Serves: Makes 4 servings
- 1½ tablespoons extra virgin olive oil
- 2 ounces pancetta, minced
- 1 large clove garlic, minced
- 1 pound Brussels sprouts, halved through the stem, then very thinly sliced lengthwise
- ½ teaspoon fennel seed, crushed in a mortar or spice grinder
- Kosher or sea salt and freshly ground black pepper
- ½ cup chicken or vegetable broth (if canned, use equal parts broth and water)
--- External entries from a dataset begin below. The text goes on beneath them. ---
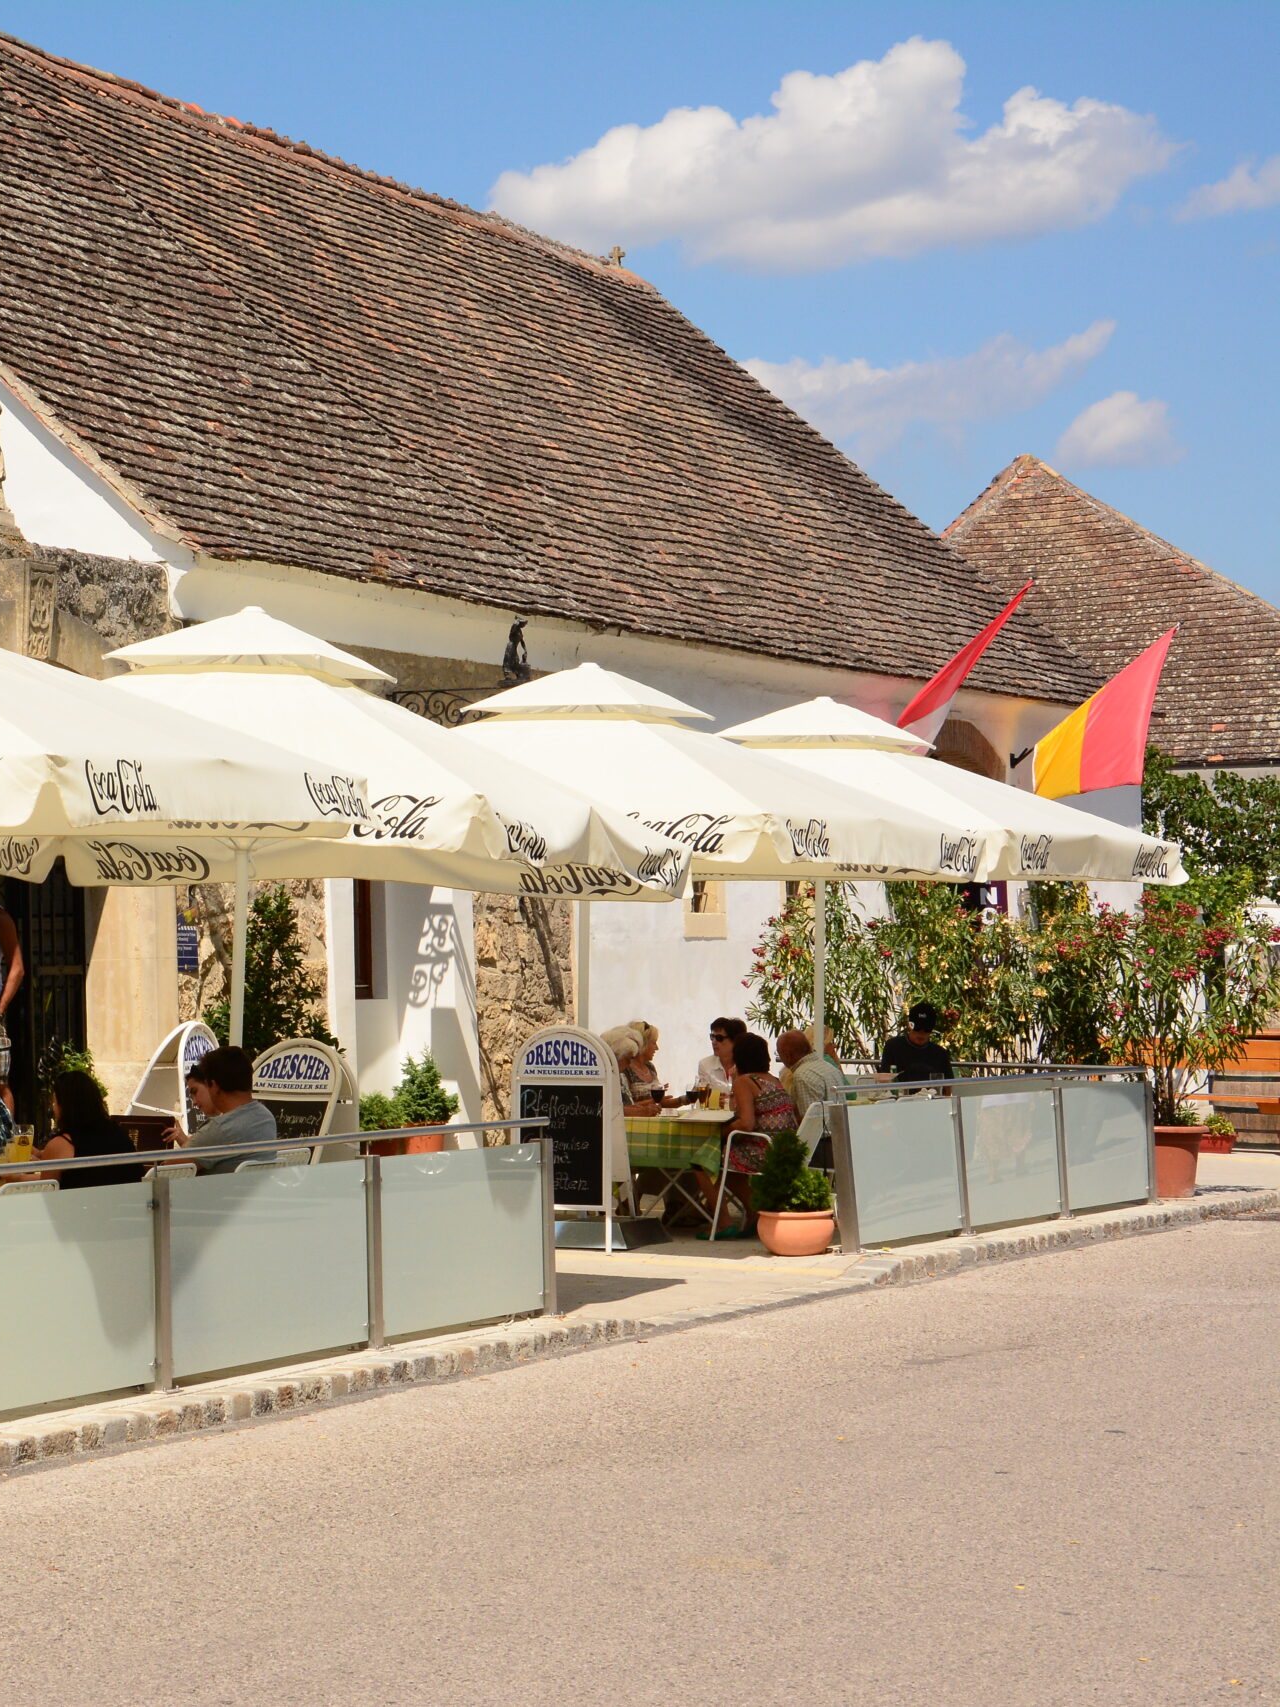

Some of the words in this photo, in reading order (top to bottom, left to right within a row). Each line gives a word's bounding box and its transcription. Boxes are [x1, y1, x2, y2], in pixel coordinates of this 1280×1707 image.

[85, 759, 158, 815] Coca-Cola
[304, 772, 368, 820] Coca-Cola
[786, 819, 830, 857] Coca-Cola
[258, 1054, 330, 1080] DRESCHER
[526, 1040, 598, 1066] DRESCHER
Procedures:When sliced thin, Brussels sprouts cook quickly and retain their sweet, nutty taste. You could substitute cumin seed or caraway seed for the fennel seed, if you like, and you can use the same method to cook thinly sliced green cabbage. Serve as a side dish with pork chops or roast chicken. Every towering stalk of Brussels sprouts holds both large and small sprouts—the large ones near the top, the smaller ones toward the base. If you purchase the sprouts loose, choose the smaller ones, which tend to be sweeter. If you purchase them on the stalk, farmer Vicki Westerhoff of Genesis Growers recommends leaving them on the stalk if your refrigerator can accommodate its length.
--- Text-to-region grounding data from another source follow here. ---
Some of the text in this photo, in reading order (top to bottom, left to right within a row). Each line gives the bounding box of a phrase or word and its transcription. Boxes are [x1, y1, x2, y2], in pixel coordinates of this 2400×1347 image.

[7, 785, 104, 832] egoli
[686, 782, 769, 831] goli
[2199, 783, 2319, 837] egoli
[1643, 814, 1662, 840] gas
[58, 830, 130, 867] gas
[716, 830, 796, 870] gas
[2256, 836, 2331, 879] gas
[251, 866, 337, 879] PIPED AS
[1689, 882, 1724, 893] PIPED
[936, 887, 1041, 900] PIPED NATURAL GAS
- Put the olive oil and pancetta in a 12-inch skillet over moderate heat. Cook, stirring occasionally, until the pancetta renders some of its fat and begins to crisp, about 3 minutes. Add the garlic and cook, stirring, for about 1 minute to release its fragrance. Add the Brussels sprouts and fennel seed, season with salt and pepper, and stir to coat with the seasonings. Add the broth and bring to a simmer. Cover and adjust the heat to maintain a brisk simmer. Cook until the Brussels sprouts are tender but not mushy, about 10 minutes, uncovering to stir occasionally and make sure they are not in danger of scorching.
- If there is excess liquid in the skillet, uncover, raise the heat to moderately high, and cook, stirring, to evaporate the liquid. Taste and adjust the seasoning. Serve immediately.